I pick up my pencil and start sketching the ring from memory as I can't see it, nestled in the hollow at the base of my neck. The flowers are so pretty - simple and attractive. I join the tiny gold buds studded with tiny diamonds together, linking them together like a daisy chain, in a row. It is one of the most pleasing things I have done for a while, but I'm not sure I can execute it myself - it's too elaborate, and I may have to hire someone else to work it out. A section of it would work as a pendant, as well. A charm bracelet?
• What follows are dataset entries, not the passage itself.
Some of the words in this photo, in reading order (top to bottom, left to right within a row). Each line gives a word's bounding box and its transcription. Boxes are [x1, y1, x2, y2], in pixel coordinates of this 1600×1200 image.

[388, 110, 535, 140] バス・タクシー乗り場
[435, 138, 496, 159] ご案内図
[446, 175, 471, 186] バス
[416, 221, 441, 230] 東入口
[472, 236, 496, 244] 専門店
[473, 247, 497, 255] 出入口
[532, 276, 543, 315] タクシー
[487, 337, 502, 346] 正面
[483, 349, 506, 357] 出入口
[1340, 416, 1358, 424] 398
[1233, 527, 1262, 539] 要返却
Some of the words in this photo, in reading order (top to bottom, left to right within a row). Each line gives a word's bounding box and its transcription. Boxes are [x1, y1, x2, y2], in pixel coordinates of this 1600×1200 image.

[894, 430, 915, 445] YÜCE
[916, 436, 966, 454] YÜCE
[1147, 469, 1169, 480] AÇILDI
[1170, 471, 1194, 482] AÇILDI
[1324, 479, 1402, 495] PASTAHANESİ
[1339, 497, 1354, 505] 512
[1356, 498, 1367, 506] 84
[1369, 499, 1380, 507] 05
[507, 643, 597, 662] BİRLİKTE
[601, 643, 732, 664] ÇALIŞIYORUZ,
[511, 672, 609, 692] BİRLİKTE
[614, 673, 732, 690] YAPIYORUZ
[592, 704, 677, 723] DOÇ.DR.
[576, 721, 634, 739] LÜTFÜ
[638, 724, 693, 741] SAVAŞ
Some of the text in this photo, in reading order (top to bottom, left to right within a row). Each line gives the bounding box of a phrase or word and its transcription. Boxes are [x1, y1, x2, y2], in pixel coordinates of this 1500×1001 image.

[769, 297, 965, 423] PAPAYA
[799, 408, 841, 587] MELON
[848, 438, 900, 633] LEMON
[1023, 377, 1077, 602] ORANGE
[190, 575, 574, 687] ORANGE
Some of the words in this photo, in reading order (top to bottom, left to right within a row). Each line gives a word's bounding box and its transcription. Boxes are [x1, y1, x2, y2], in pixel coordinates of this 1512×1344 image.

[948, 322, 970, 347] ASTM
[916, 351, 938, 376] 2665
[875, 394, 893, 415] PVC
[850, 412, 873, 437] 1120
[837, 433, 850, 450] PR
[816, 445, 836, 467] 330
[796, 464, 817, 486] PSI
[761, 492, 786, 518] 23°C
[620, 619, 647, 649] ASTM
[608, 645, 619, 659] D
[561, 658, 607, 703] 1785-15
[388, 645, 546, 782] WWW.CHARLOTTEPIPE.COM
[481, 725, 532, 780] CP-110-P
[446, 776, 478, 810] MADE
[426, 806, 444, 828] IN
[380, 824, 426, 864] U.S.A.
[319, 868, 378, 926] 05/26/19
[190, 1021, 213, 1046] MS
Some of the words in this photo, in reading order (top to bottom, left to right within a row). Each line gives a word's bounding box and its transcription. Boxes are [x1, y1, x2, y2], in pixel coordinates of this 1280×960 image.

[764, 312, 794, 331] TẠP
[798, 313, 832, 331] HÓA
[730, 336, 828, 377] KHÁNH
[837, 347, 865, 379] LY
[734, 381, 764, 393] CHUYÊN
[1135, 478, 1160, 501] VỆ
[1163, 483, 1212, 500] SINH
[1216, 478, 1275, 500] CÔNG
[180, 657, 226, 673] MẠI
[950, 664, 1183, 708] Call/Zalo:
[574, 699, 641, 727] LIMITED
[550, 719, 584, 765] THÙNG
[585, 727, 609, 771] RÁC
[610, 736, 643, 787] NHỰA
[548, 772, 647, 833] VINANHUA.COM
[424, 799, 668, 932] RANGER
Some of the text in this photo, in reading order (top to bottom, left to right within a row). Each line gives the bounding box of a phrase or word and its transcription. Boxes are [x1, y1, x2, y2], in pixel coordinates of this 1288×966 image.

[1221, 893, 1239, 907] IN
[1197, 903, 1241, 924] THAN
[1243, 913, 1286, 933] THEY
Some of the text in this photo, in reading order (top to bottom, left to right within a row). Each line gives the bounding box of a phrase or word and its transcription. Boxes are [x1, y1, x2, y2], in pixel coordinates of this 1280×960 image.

Necklace? My pencil skates busily over the white paper, and the scratching sound echoes in the
145
silence, broken only by the occasional noise from the street below. There's something there, I don't know what it is. The links . . . the flowers . . . Cecily's ring, perhaps I should use the ring as the centrepiece? My pencil is getting blunter as I push heavily down onto the pad, sketching, rubbing out, resketching . . . My mind is clear of everything else troubling it. I love this, the fact that you can escape into your imagination, use a part of your brain that isn't affected by everything else in your life. I lost it for a while. It's so good to have it back; even if what results is rubbish, just to know I still love doing it is the most important thing. And the voice in my head, sounding remarkably like Clare Lomax, that has been telling me I ought to give up the studio and save on the rent, is silenced. I need a place to come to, to work. This is my job, and if I'm going to take it seriously, I ought to have an office. If Oli's not coming back we don't need the flat, do we? I'd give that up before the studio. Somehow, that clarifies things for me.
And suddenly, as I am drawing furiously, there comes a soft tapping at the door. 'Natasha, are you there?' a voice calls.